The basis of this technique lies in the art of breathing from the abdomen. This helps the lungs get as much fresh air as possible. When you take deep breaths from the abdomen, rather than shallow breaths from your upper chest, you inhale more oxygen. The more oxygen you get, the less tense, short of breath, and anxious you feel. So the next time you feel stressed, take a minute to slow down and breathe deeply.

  • Sit comfortably with your back straight. Put one hand on your chest and the other on your stomach.
  • Breathe in through your nose. The hand on your stomach should rise. The hand on your chest should move very little.
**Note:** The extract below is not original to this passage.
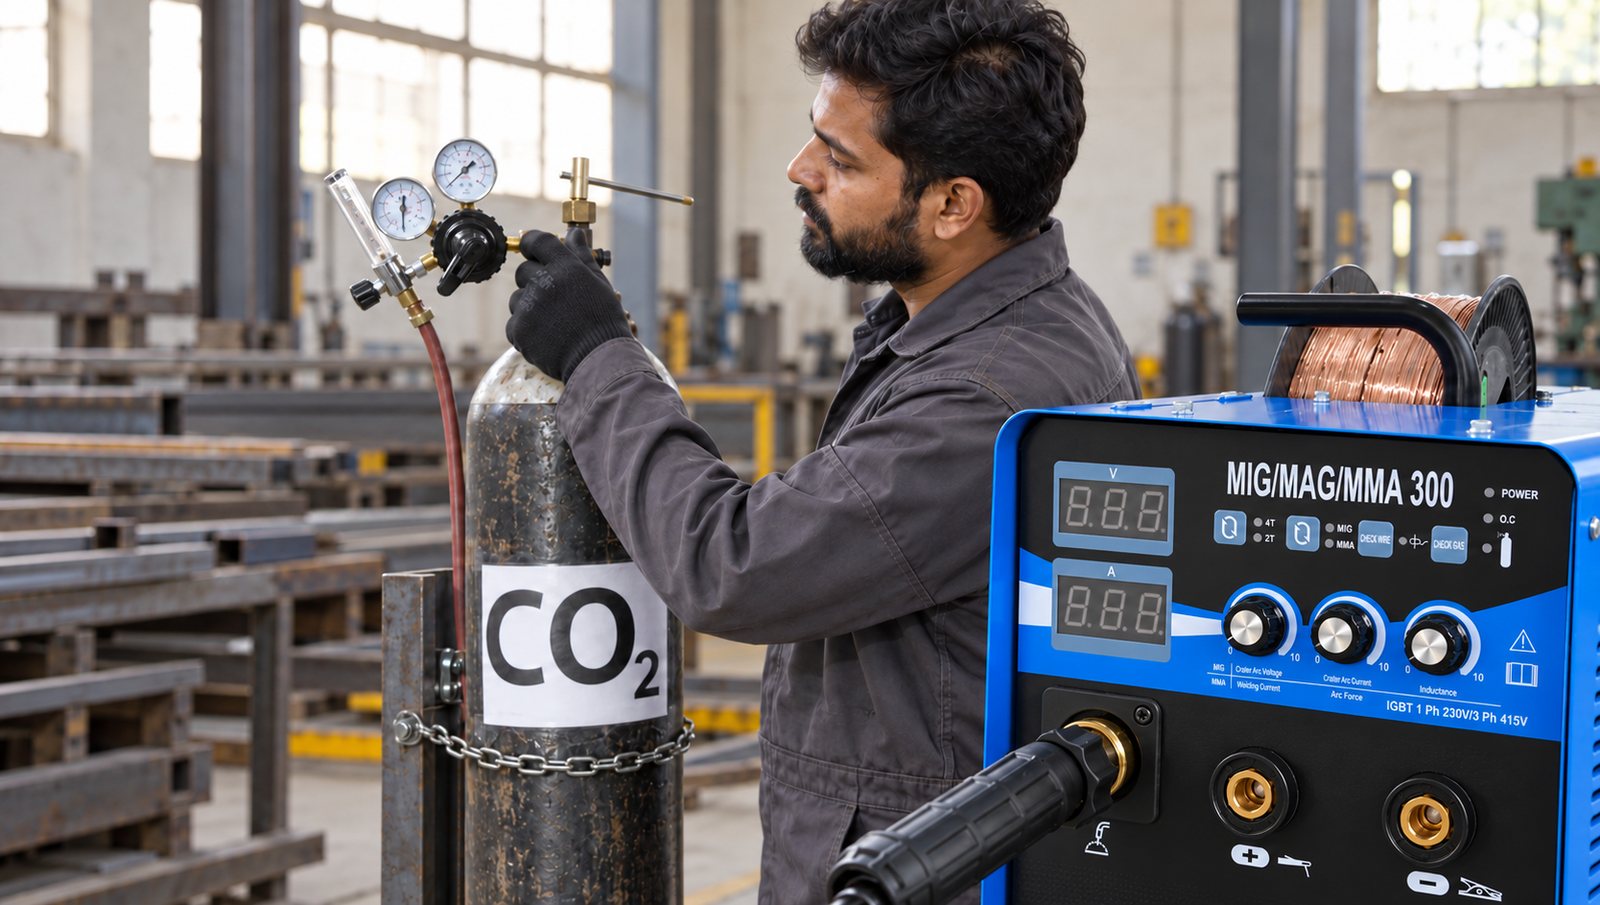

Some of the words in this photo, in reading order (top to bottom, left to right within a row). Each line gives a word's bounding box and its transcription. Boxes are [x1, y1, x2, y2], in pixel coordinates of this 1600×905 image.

  • Exhale through your mouth, pushing out as much air as you can while contracting your abdominal muscles. The hand on your stomach should move in as you exhale.
  • Continue to breathe in through your nose and out through your mouth. Try to inhale enough so that your lower abdomen rises and falls. Count slowly as you exhale.

If you feel uncomfortable in breathing from your abdomen while sitting, try it lying on the floor.  Put a small weight like book or flower on your stomach, and try to breathe so that the book or flower rises as you inhale and falls as you exhale.